NY pension fund invested in controversial private equity funds
NEW YORK |
NEW YORK (Reuters) - An investigation by New York's top prosecutor into whether a group of private equity firms used a fee arrangement to dodge taxes may be undermined by the state's own public pension fund.
New York Attorney General Eric Schneiderman in July subpoenaed more than a dozen private equity firms, including Apollo Global Management LLC, Bain Capital LLC, KKR & Co LP, Silver Lake Partners LP and TPG Capital LP, over their practice of converting management fees paid by investors into fund investments.
Schneiderman's office is investigating whether the practice, known as a "management fee waiver", was exploited by private equity firms to reduce their taxes.
But one issue for Schneiderman may be that the $150.6 billion New York State Common Retirement Fund is among the investors that has long agreed to management fee waivers, according to a source with direct knowledge of the matter.
The Common Retirement Fund is overseen by New York Comptroller Thomas DiNapoli, who supervises state finances and is the sole trustee and manager of the fund. Representatives for DiNapoli and Schneiderman declined to comment.
Some outside experts say the fund's endorsement of fee waivers may offer some legitimacy to the practice.
"This tells us that the New York state pension fund thinks this is legal or they wouldn't be doing it," said Steven Kaplan, a University of Chicago finance professor whose research focuses on private equity.
Public pension funds that participate in waivers enjoy no tax benefits as a result, but these waivers can help them cut losses if a private equity fund does not perform well by allowing them to recoup some or all of management fees paid.
The New York public pension fund is now reviewing the use of fee waivers because it wants private equity fund managers to commit more of their own money to funds, not because of worries about the legality of the arrangement, the source said.
News of Schneiderman's investigation emerged in September and quickly took on political overtones. One of the buyout firms subpoenaed by the attorney general is Bain, which was co-founded by Republican presidential candidate Mitt Romney.
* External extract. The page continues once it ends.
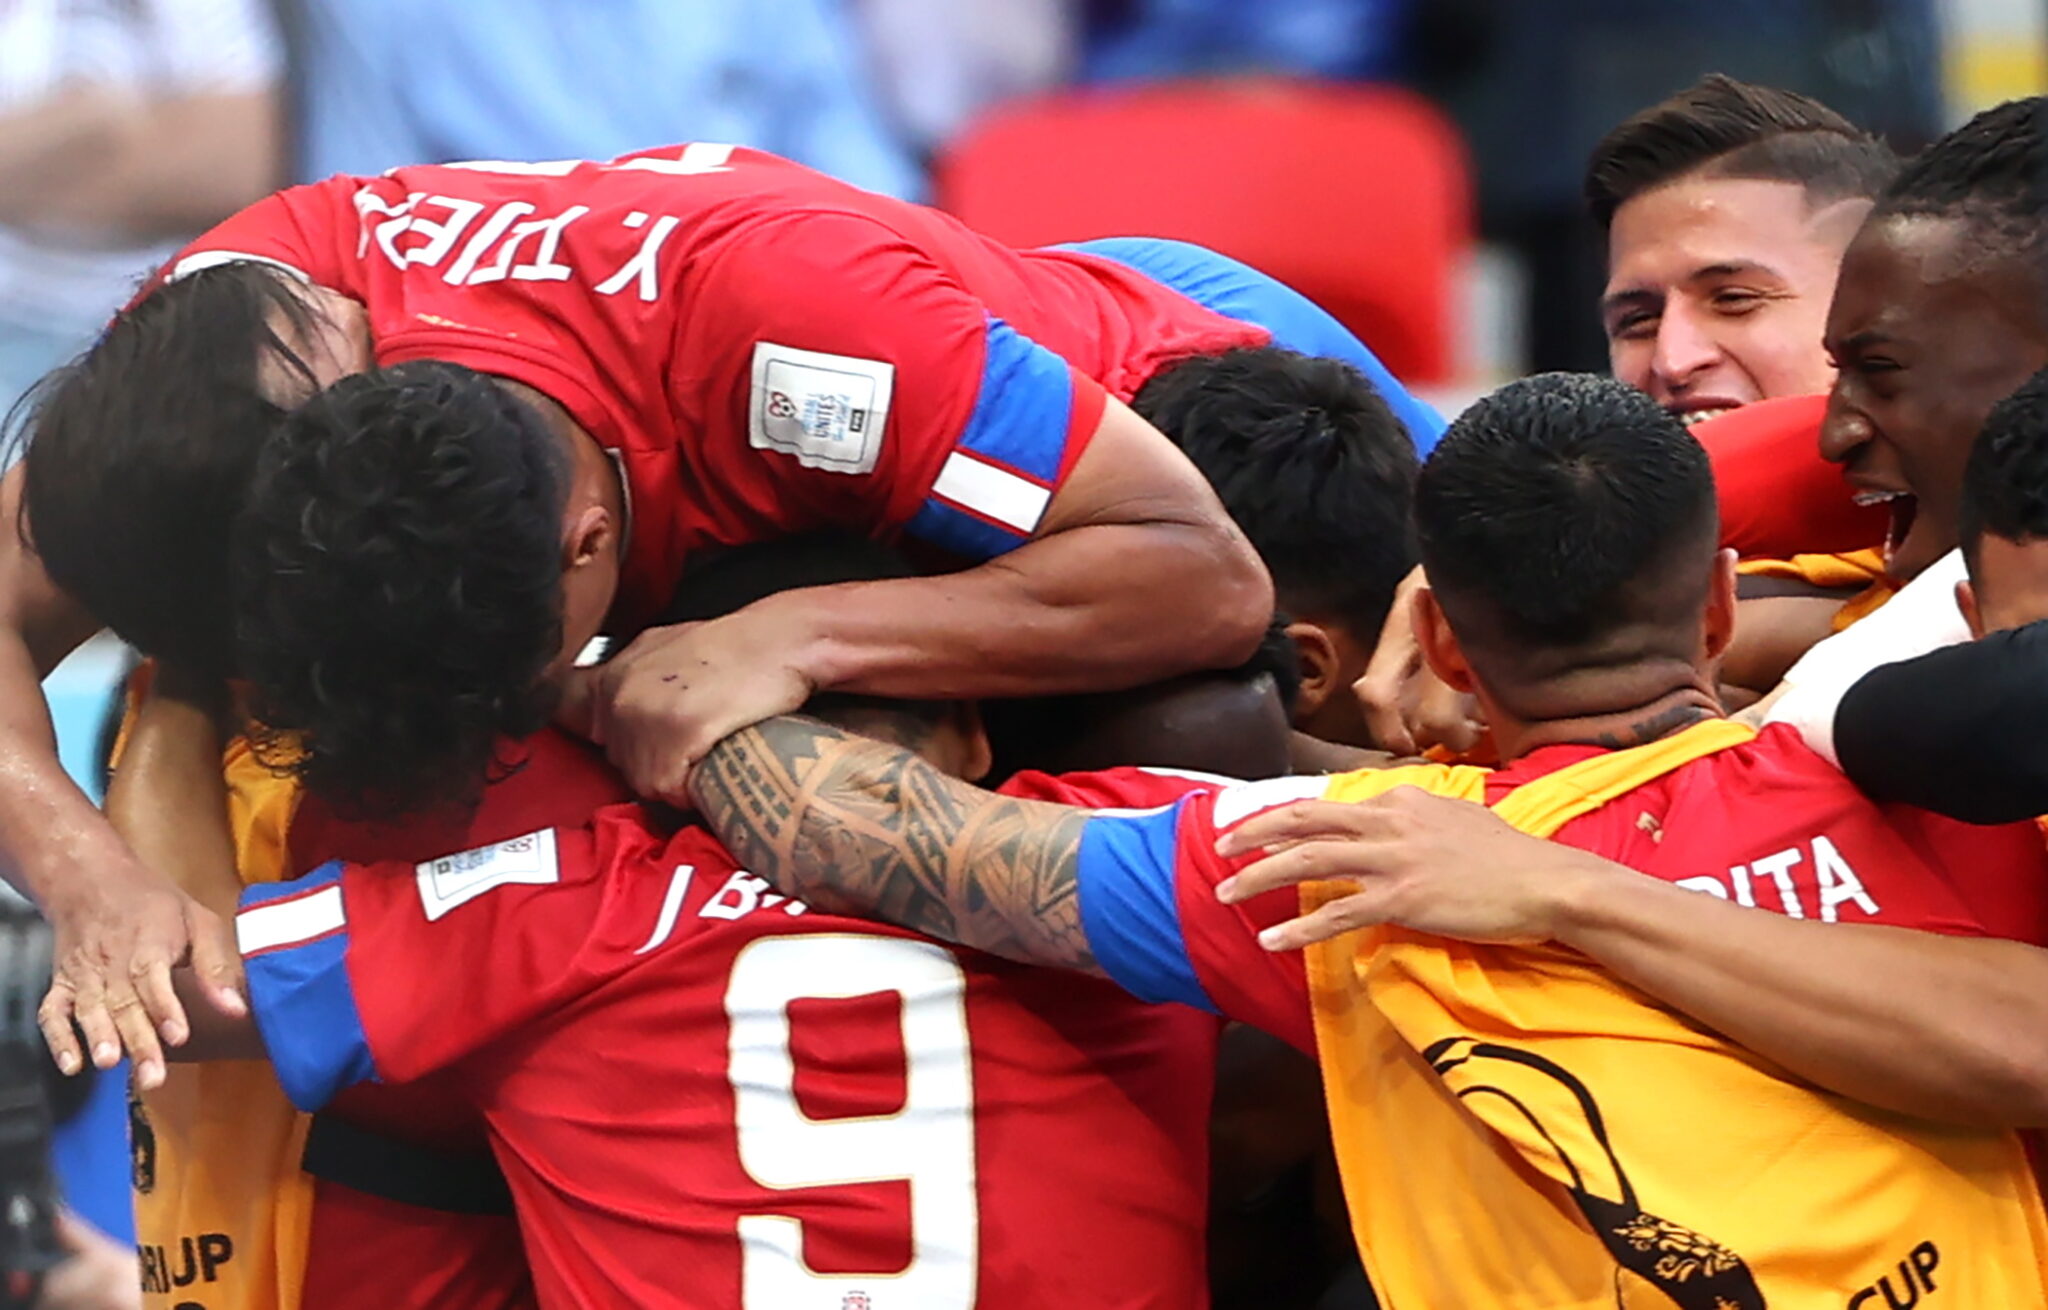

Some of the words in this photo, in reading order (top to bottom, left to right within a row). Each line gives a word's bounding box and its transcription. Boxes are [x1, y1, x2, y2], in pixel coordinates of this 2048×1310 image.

[594, 210, 680, 301] Y.
[1674, 835, 1880, 923] ITA
[724, 932, 978, 1310] 9
Some Republican lawmakers have said the probe by Schneiderman, who is a Democrat, is politically motivated. DiNapoli, also a Democrat, has said he supported the investigation.
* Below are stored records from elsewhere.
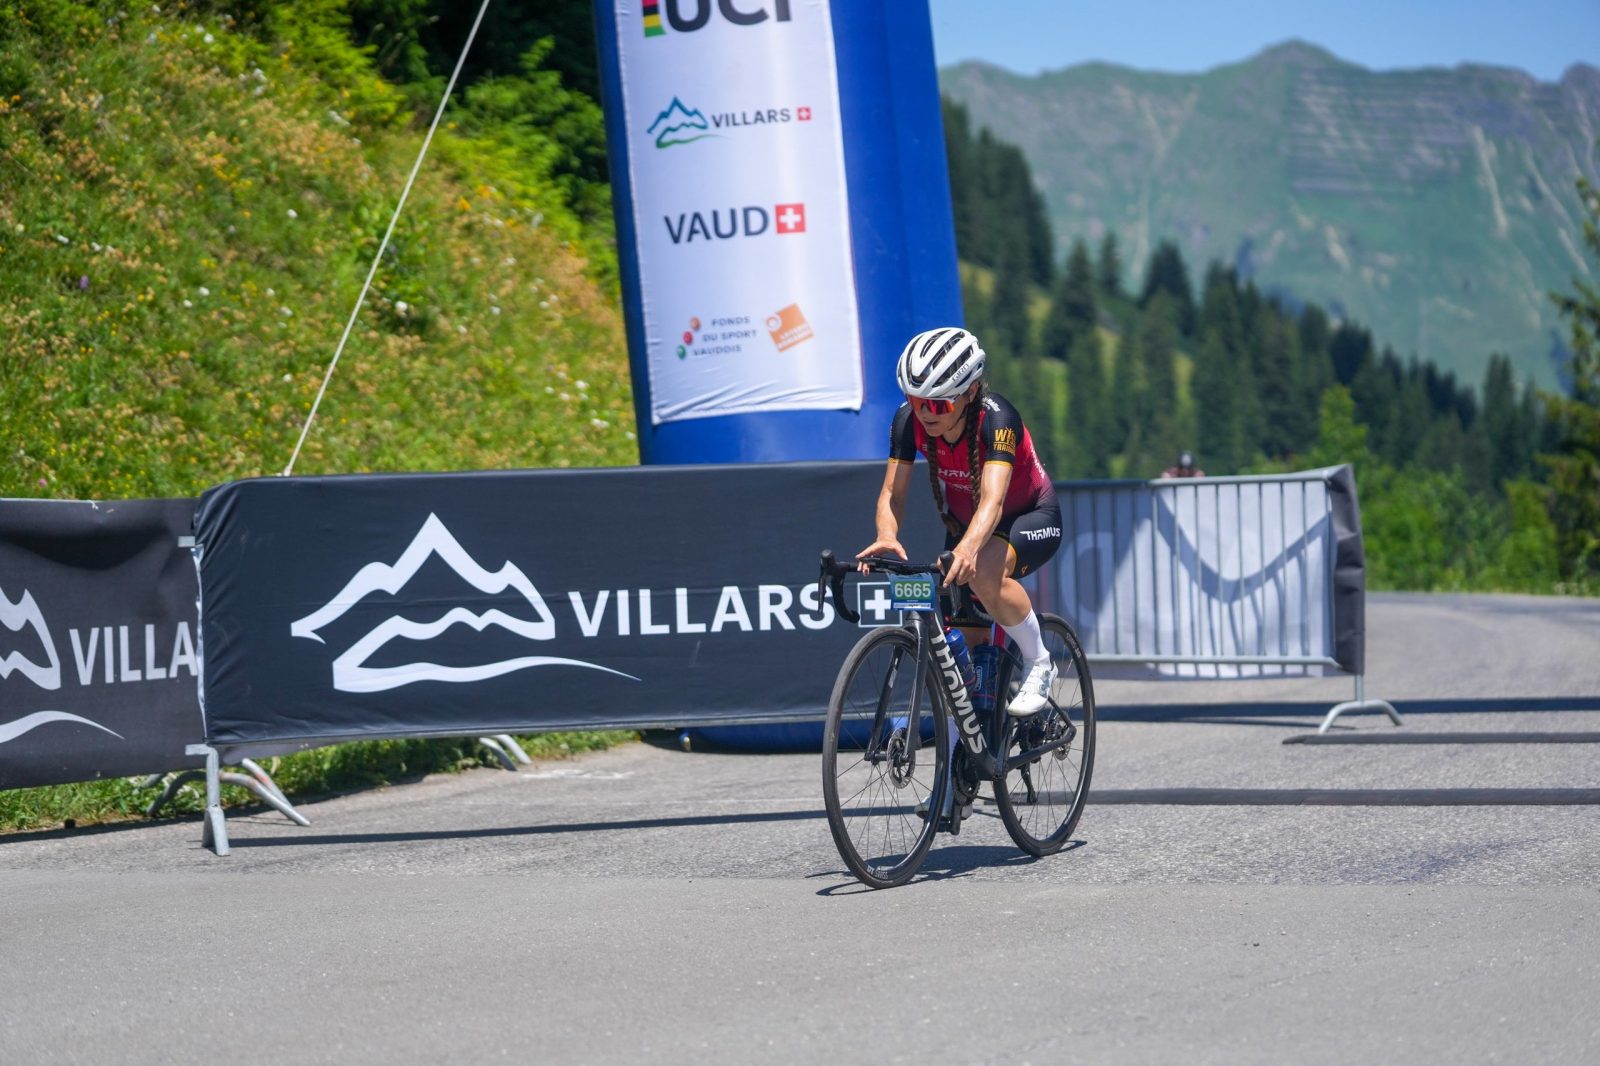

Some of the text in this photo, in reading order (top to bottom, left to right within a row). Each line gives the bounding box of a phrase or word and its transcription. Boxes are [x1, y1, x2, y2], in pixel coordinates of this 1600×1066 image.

[712, 108, 791, 128] VILLARS
[664, 205, 769, 245] VAUD
[711, 315, 751, 327] FONDS
[894, 582, 932, 598] 6665
[568, 582, 836, 637] VILLARS
"I have full confidence that Attorney General Schneiderman is doing this on the merits and looking at an issue in terms of responsibility on taxation that I think everybody cares about," DiNapoli told cable news program Capital Tonight earlier in September, when asked about political criticism of Schneiderman's private equity tax probe.
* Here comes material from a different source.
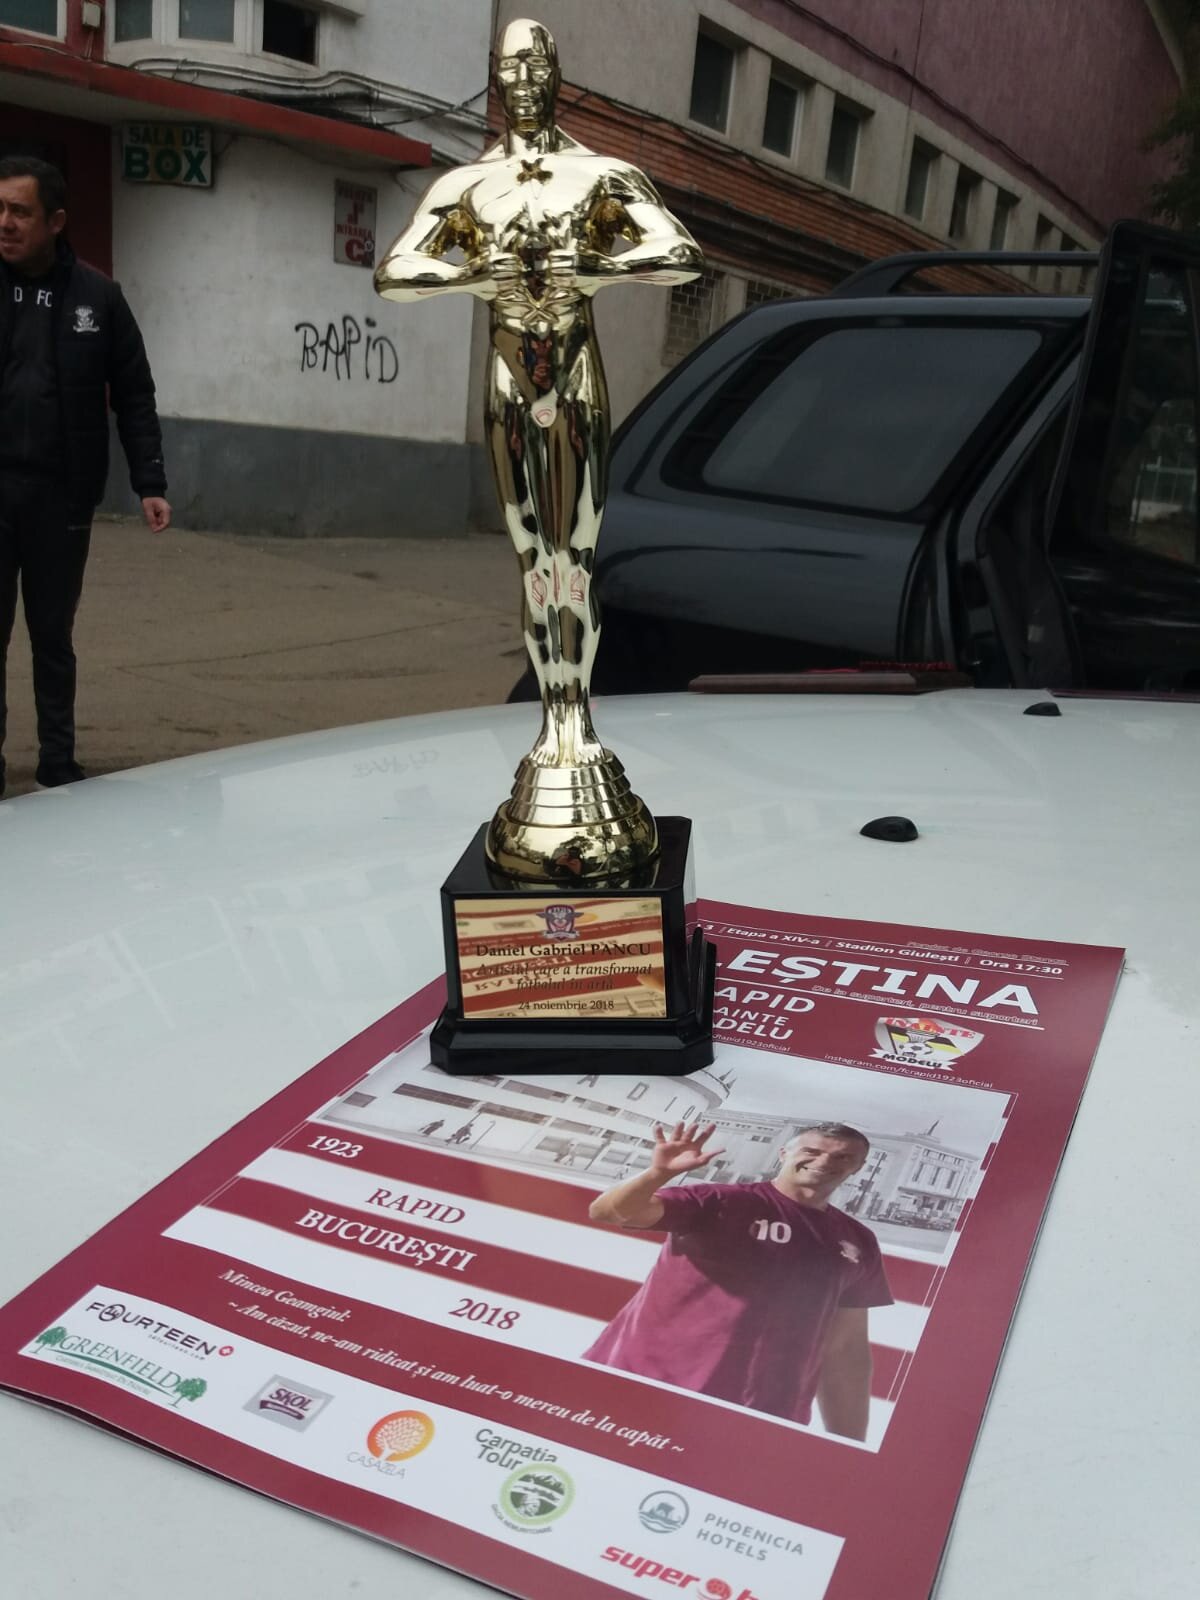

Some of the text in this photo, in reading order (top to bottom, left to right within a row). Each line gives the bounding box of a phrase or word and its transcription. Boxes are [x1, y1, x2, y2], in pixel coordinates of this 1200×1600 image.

DiNapoli did not publicly disclose that the pension fund he oversees has such arrangements with private equity firms.
New York's state pension fund has invested in several funds run by private equity firms that have been subpoenaed by Schneiderman, including Apollo, KKR, TPG, Providence Equity Partners Inc and Vestar Capital Partners, according to public filings listing the fund's assets as of March 31, 2011.
Some of these funds boast hundreds of investors each, a significant portion of which may have participated in management fee waivers.
The potential loss of revenue for New York from the fee waiver practice is not clear, but experts have said it is likely smaller than that for the federal government. The Internal Revenue Service has potentially seen hundreds of millions of dollars in lost revenue due to these waivers, but has not taken action against their use.
Schneiderman is armed with a new tool - an enhanced state False Claims Act that allows for treble damages and penalties in tax cases.
Schneiderman and DiNapoli are two independently elected state officials, but they have teamed up on investigations, including a probe on unpaid life insurance benefits and a joint task force against government corruption.
DiNapoli's predecessor, Alan Hevesi, resigned in December 2006. In 2010, Hevesi pleaded guilty to participating in a pay-to-play scandal at the state pension fund. He was sentenced to up to four years in prison.